Abstract

New mapping at Anglesea coal mine, and coal resource and deep groundwater drilling have provided new perspectives on the economically important Eastern View Group coal bearing sedimentary succession in the onshore Torquay Basin. In the Anglesea Syncline, the upper 35 m thick brown coal seam of the Eastern View Group is overlain by a low angle unconformity. Units overlying the coal seams include high energy, cross cutting sand channels of the Boonah Formation and lower energy channel and interchannel systems of the overlying Salt Creek and Anglesea Formations.

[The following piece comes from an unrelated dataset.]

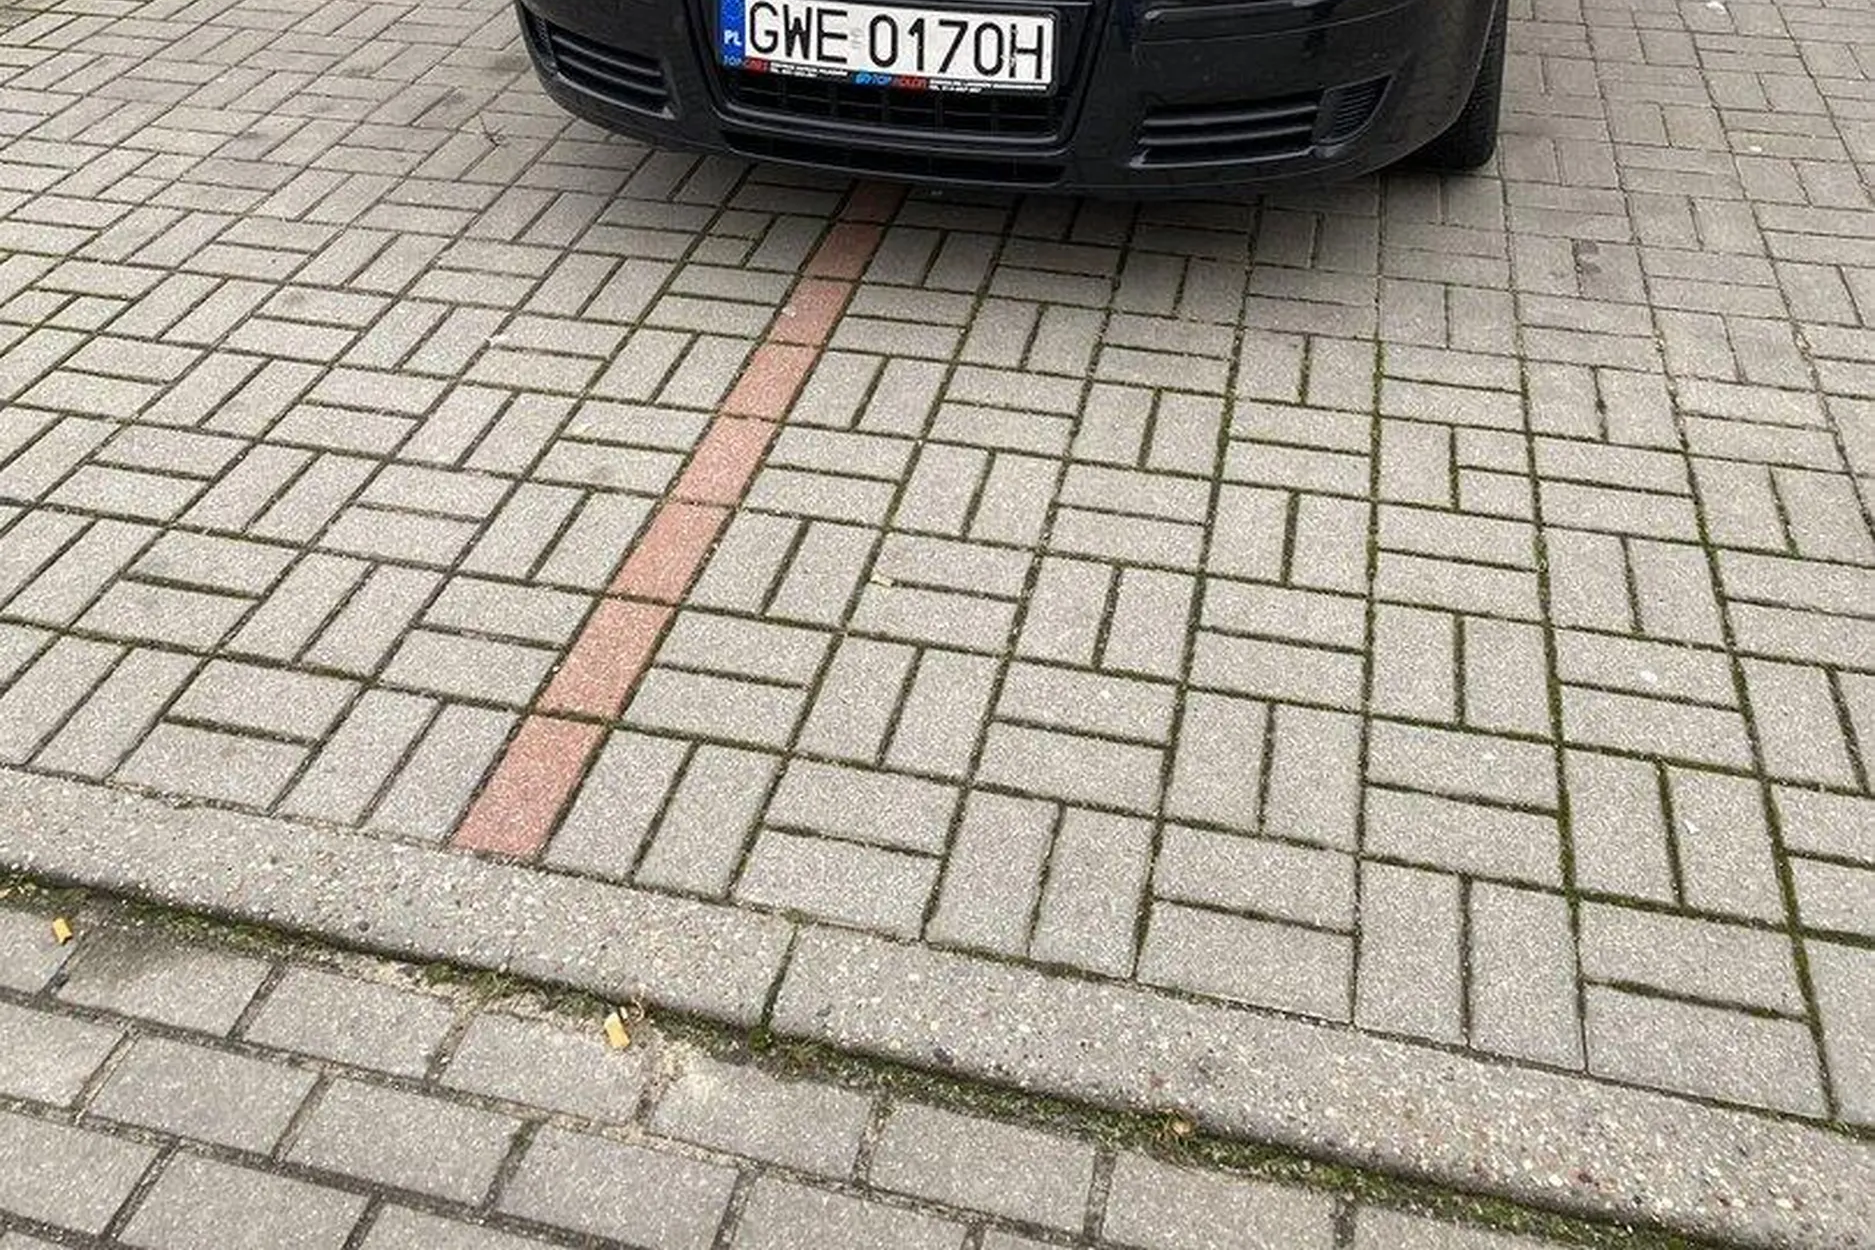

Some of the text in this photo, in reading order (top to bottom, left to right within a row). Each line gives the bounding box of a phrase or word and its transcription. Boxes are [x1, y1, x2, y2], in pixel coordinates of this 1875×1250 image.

[723, 30, 742, 47] PL
[749, 0, 1046, 80] GWE 0170H

The mine section can be correlated from borehole data with the Eastern View Group and Demons Bluff Group exposed in coastal cliff sections along the adjacent Anglesea to Torquay coast. Recently drilled coal and groundwater exploration bores provide new data on the extent of the coal measures in the Anglesea area, and details of the underlying Tertiary succession that include typical Otway Basin units such as the Pember Mudstone and Pebble Point Formations. The stratigraphy below the coal measures suggests that the Otway Ranges were not present during Palaeogene times. The rank of the brown coals on and around the Otway Ranges is higher than any other Tertiary coals in onshore Victoria, and they preserve similar patterns of rank distribution to the high rank black coals in the underlying Lower Cretaceous Otway Group. Evidence for large overburden thicknesses is lacking, and the high ranks may have been augmented by higher than normal geothermal gradients in the Early Tertiary. Comparisons between the observed depositional cycles, sequence stratigraphic cycles, and worldwide coastal onlap curves suggest that the observed disconformity boundaries are sequence boundaries that provide a chronostratigraphic framework. Sequences present may include TB4.1–4.5 in the overburden units, and TB 2.4–3.6 in the coal bearing interval.